Yemen's President Saleh has been reluctant to relinquish his 33-year-old rule
A United Nations Security Council meeting on Yemen scheduled for Monday has been postponed, the UN envoy to the country said on Sunday as he struggled to bring political rivals in Sanaa
together.
"The Security Council meeting was postponed to November 28 at the request of the protagonists" of the Yemen crisis, said Jamal Benomar, who has been in the capital since last week for talks on ending 10 months of political deadlock and bloodshed.
A leading opposition figure accused the embattled regime of President Ali Abdullah Saleh of trying to gain time.
"The postponement has been made at the request of the regime that seeks to gain time in an attempt to mislead the mediators," he told AFP, speaking on condition of anonymity.
The 15-member Security Council unanimously passed Resolution 2014 on October 21 condemning the Sanaa government's crackdown on the mass anti-regime protest movement that has swept the country.
It also called on Saleh to sign a Gulf Cooperation Council plan which calls for an end to his 33-year-rule in return for immunity from prosecution.
Saleh has so far refused to sign the agreement despite violence which has seen hundreds of people killed and thousands wounded.
Benomar and ambassadors of the five permanent members of the Security Council "have been since Saturday in contact with the authorities and the opposition to bring together the different views," said the opposition leader.
These efforts have been thwarted by Saleh's insistence on "maintaining certain powers until presidential elections," although the plan stipulates he must transfer power a month after it is signed, he added.

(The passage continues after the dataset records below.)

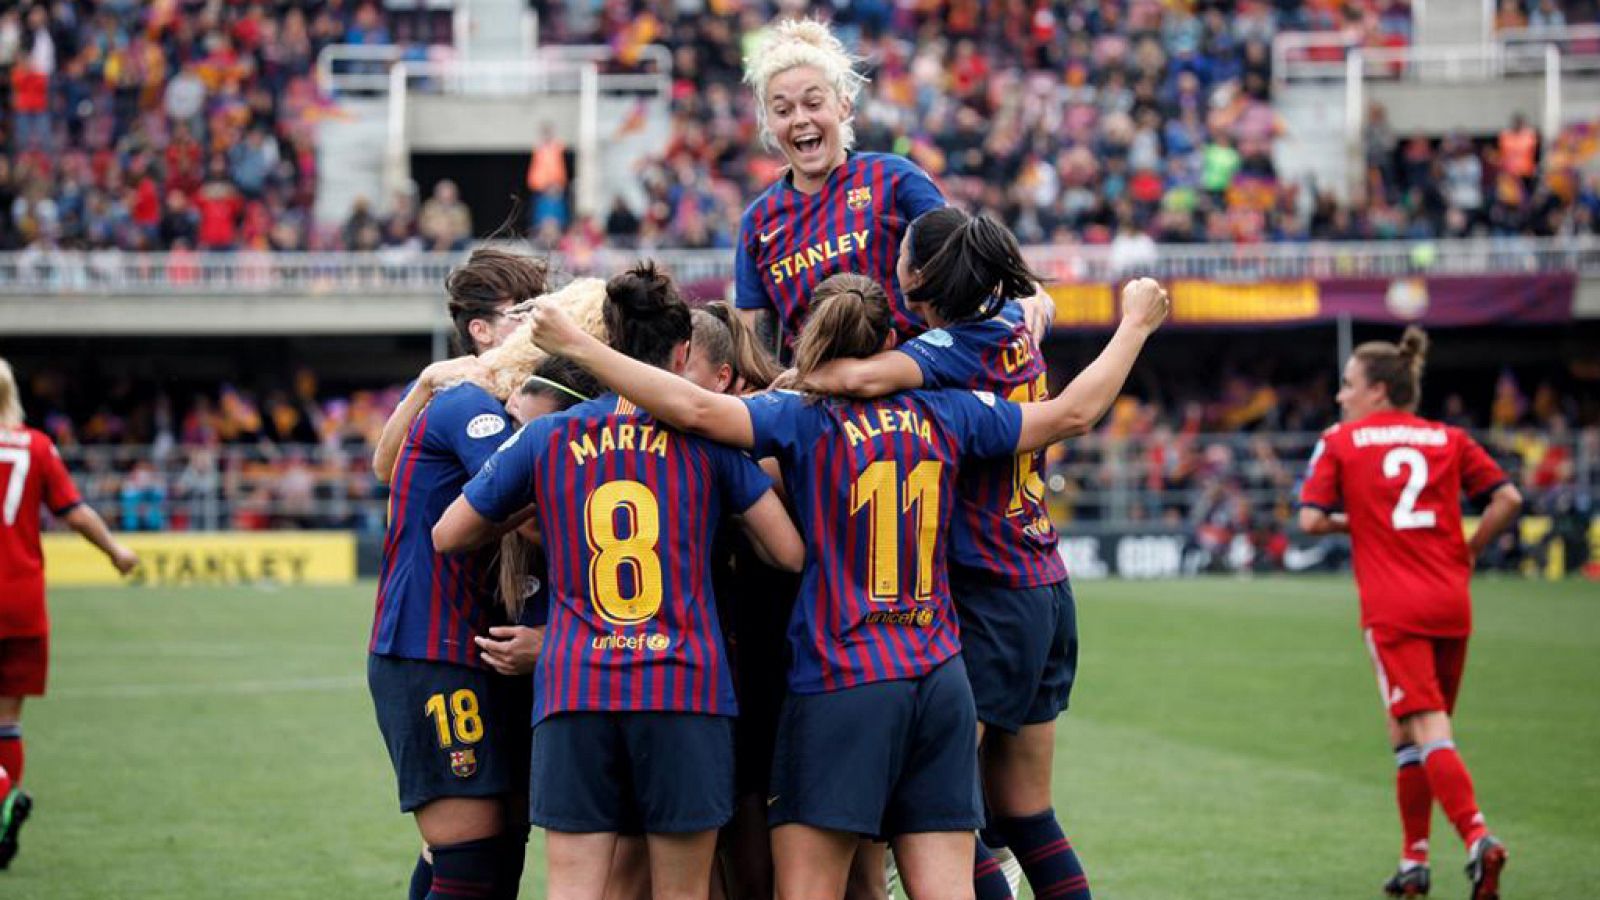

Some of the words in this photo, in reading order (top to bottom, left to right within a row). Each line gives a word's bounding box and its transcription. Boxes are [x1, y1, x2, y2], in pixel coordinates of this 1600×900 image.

[770, 229, 869, 285] STANLEY
[569, 424, 669, 465] MARTA
[843, 408, 932, 447] ALEXIA
[1383, 447, 1436, 529] 2
[584, 480, 663, 626] 8
[850, 460, 942, 602] 11
[592, 630, 648, 650] unicef
[425, 688, 484, 749] 18
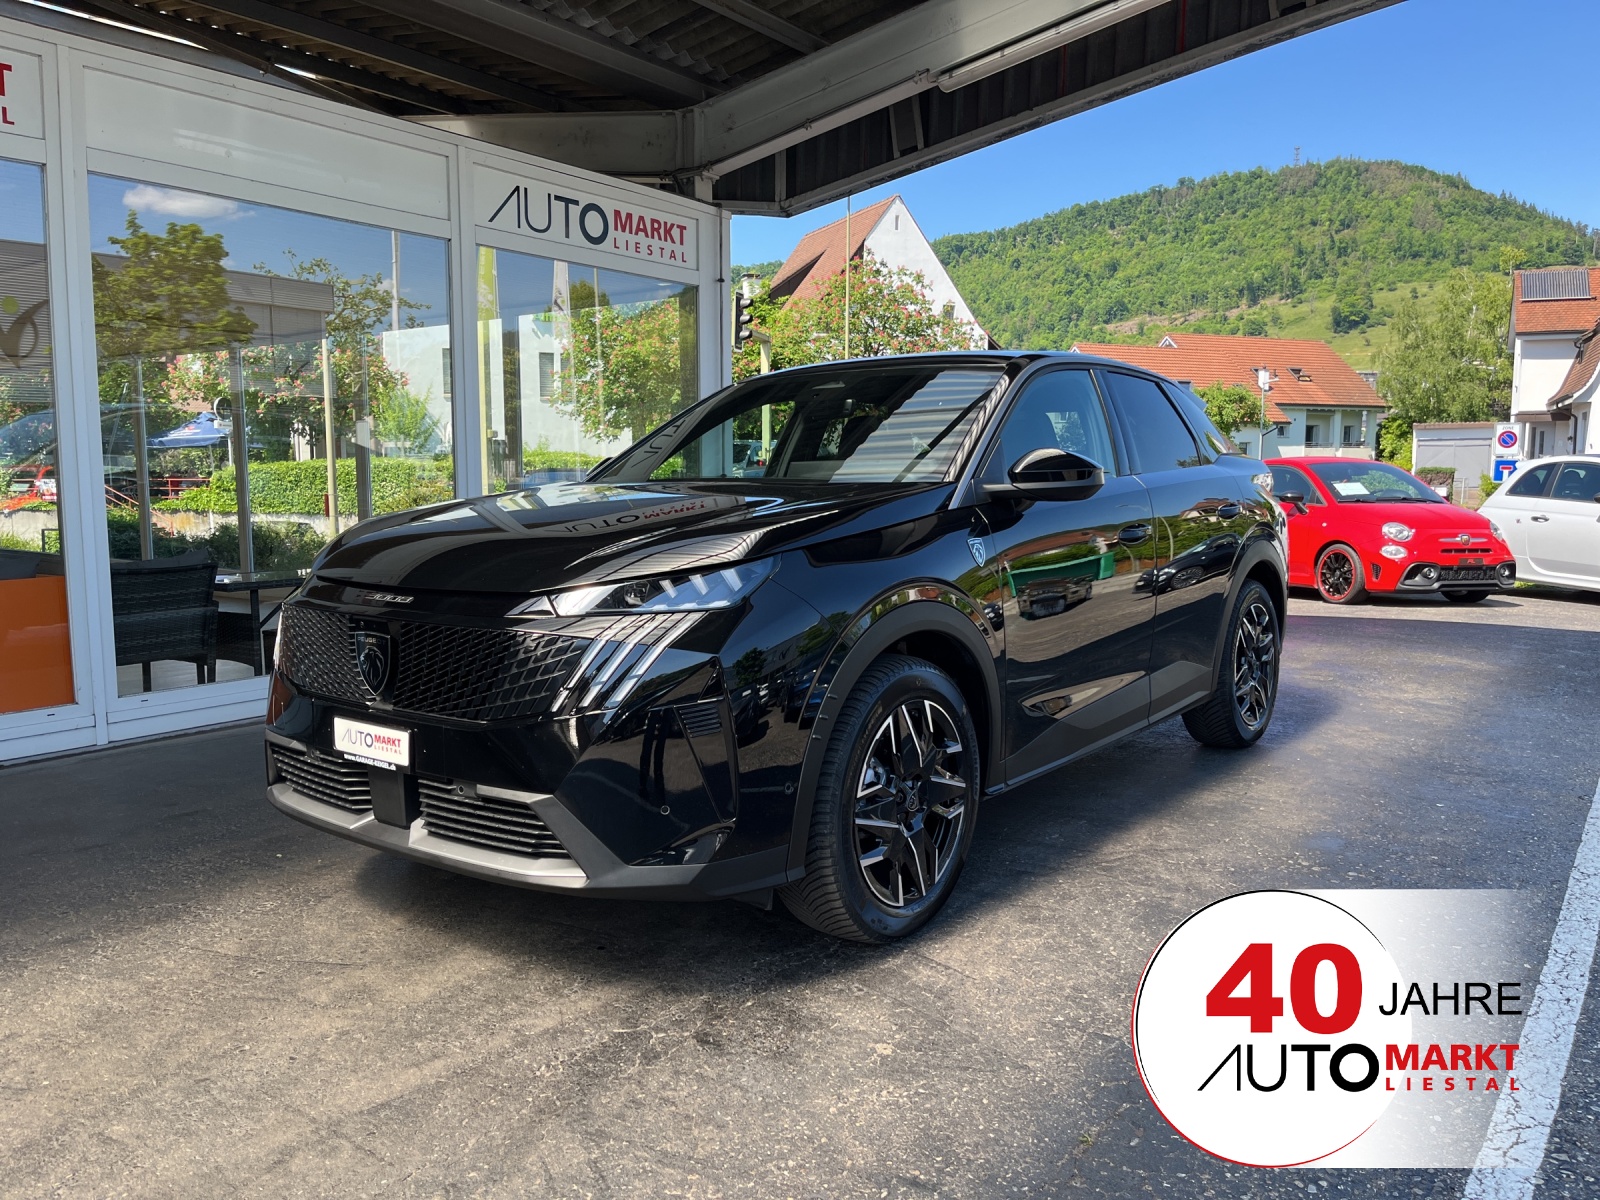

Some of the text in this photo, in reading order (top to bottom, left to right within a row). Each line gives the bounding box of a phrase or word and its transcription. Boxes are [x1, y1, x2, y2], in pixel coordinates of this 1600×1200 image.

[488, 185, 687, 246] AUTO MARKT
[613, 237, 687, 263] LIESTAL
[357, 636, 386, 645] PEUGEOT
[342, 728, 401, 748] AUTO MARKT
[374, 745, 402, 755] LIESTAL

The US ambassador in Sanaa "Gerald Feierstein presented a new proposal to move forward with the implementation mechanism," said the same source, without giving further details.

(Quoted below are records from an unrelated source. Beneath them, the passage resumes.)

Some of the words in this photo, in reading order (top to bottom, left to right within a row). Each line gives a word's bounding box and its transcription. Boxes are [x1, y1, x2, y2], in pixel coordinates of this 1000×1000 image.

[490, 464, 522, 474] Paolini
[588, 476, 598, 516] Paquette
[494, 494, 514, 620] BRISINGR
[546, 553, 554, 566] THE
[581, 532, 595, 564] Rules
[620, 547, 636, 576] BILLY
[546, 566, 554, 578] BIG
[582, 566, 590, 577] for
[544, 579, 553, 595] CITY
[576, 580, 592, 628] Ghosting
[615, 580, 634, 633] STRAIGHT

Meanwhile, a Western diplomat in Sanaa told AFP on Sunday that Western mediators are pushing for a deal to be reached between Saleh and his military rival, dissident General Ali Mohsen al-Ahmar.
Western mediators want to clinch a deal between Yemen's key players -- Saleh and his son Ahmed, who commands the elite Republican Guard, and General Ahmar and Hamid al-Ahmar, a leading figure in the main opposition Islamist Al-Islah (reform) party.

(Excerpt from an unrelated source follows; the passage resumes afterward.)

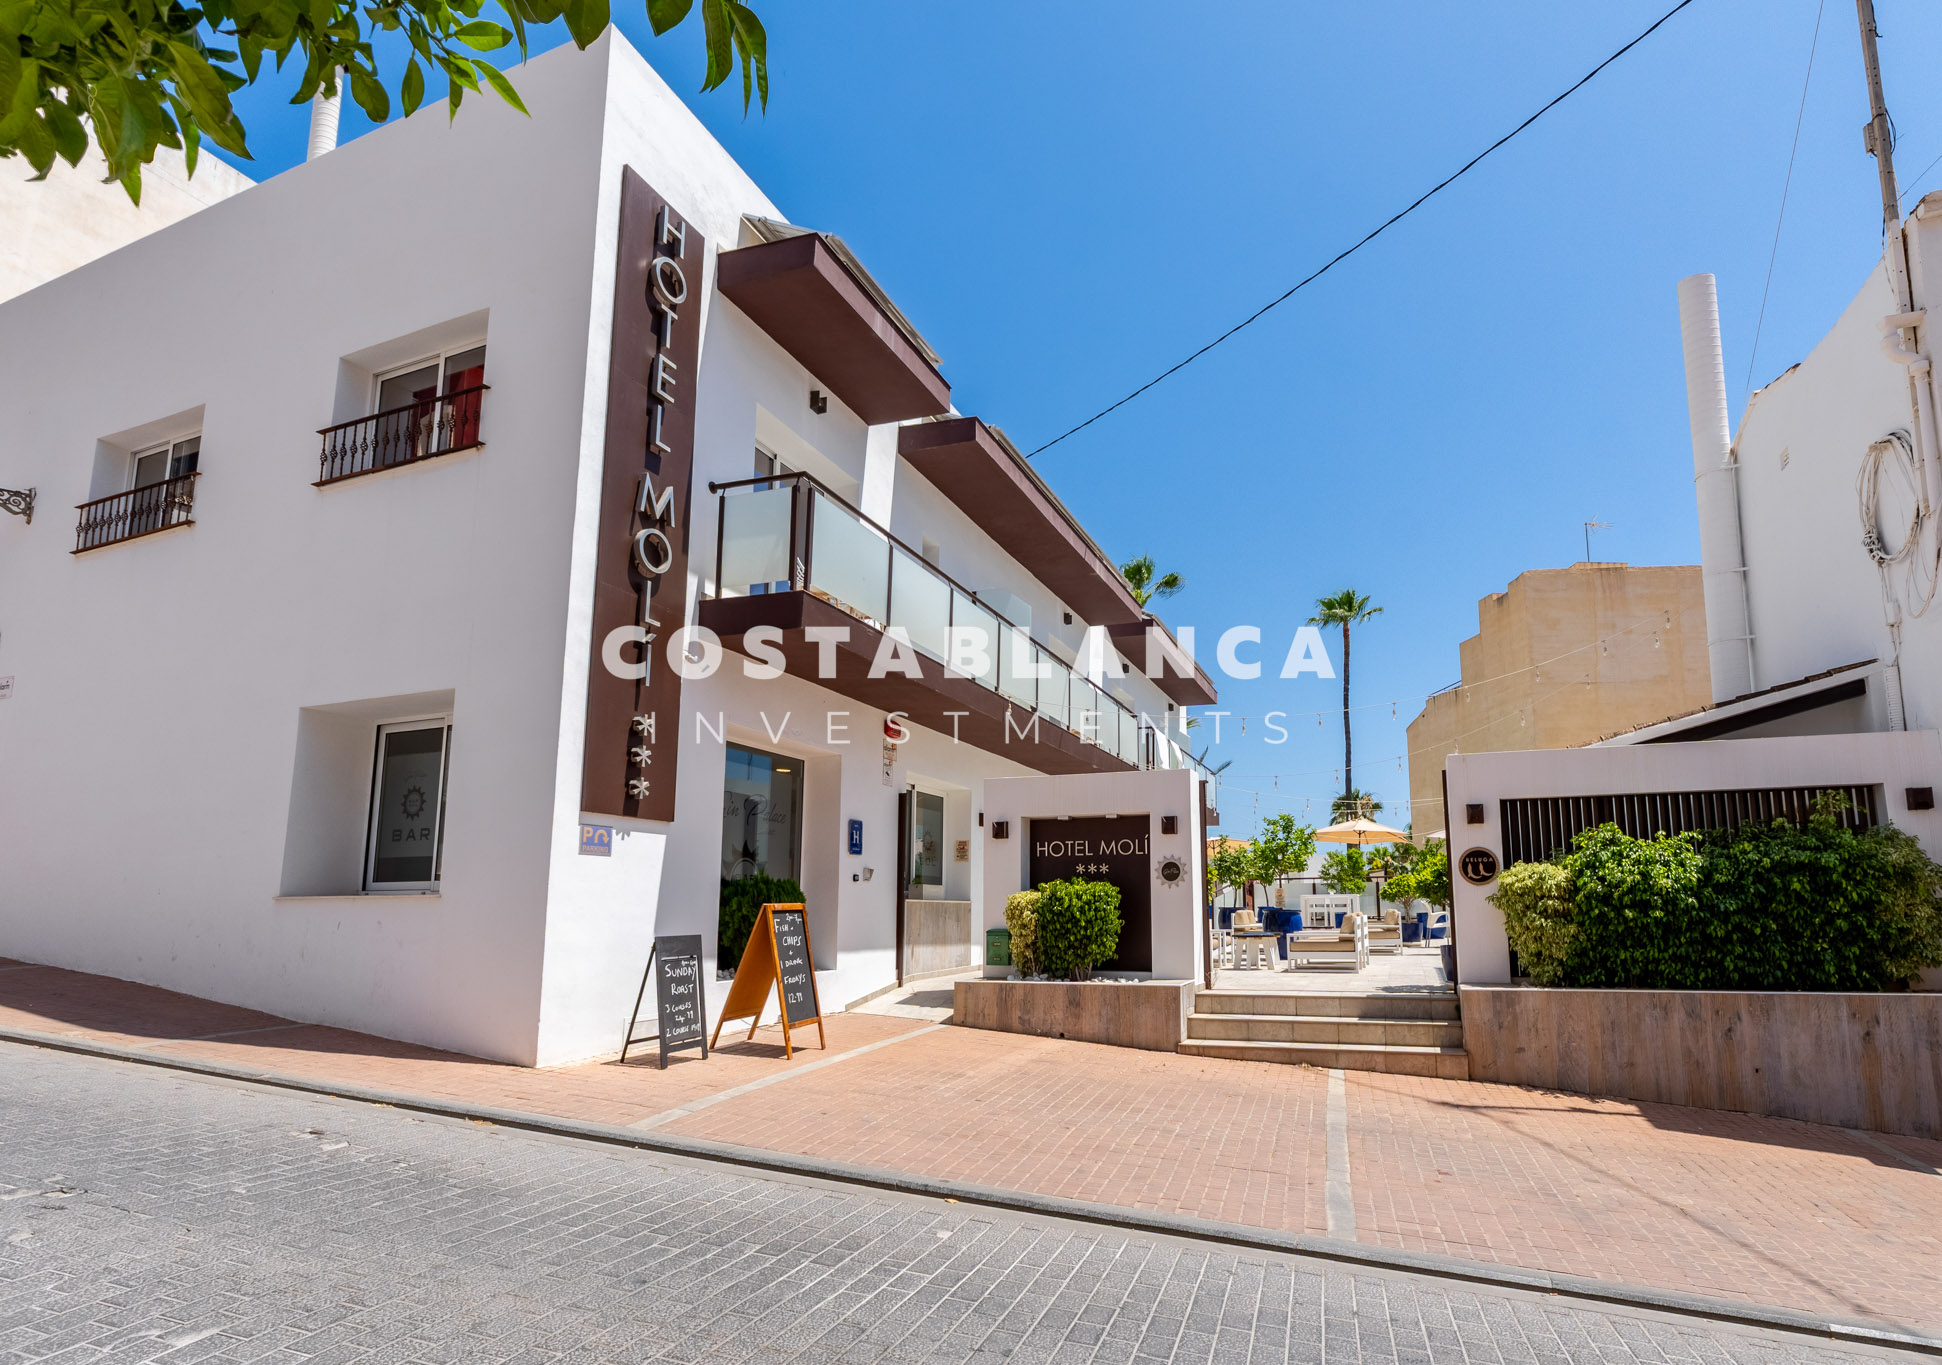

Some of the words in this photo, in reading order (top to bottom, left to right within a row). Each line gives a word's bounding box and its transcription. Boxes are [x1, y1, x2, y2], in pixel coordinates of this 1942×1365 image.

The diplomat said that if this fails, two scenarios remain -- the situation will not change and "warlords" will make use of the impasse between the opposition and the regime, or a war will erupt between Yemen's rivals.
But the diplomat said "we will not allow war in Yemen" which would have a negative impact on Western interests in the country, as Al-Qaeda could exploit any unrest in the deeply tribal country.
Benomar returned to Sanaa on November 10 in a new attempt to persuade Saleh and his opponents to solve the crisis and to get him to sign the Gulf plan that calls on him to hand power to his deputy, Abdrabuh Mansur Hadi.
The UN envoy is now expected to submit a report to the Security Council on his return to New York.
Last week, diplomats had said the Security Council would meet on Monday to discuss Saleh's refusal to step down, as well as the increased violence which the international community fears will escalate into a full-scale civil war.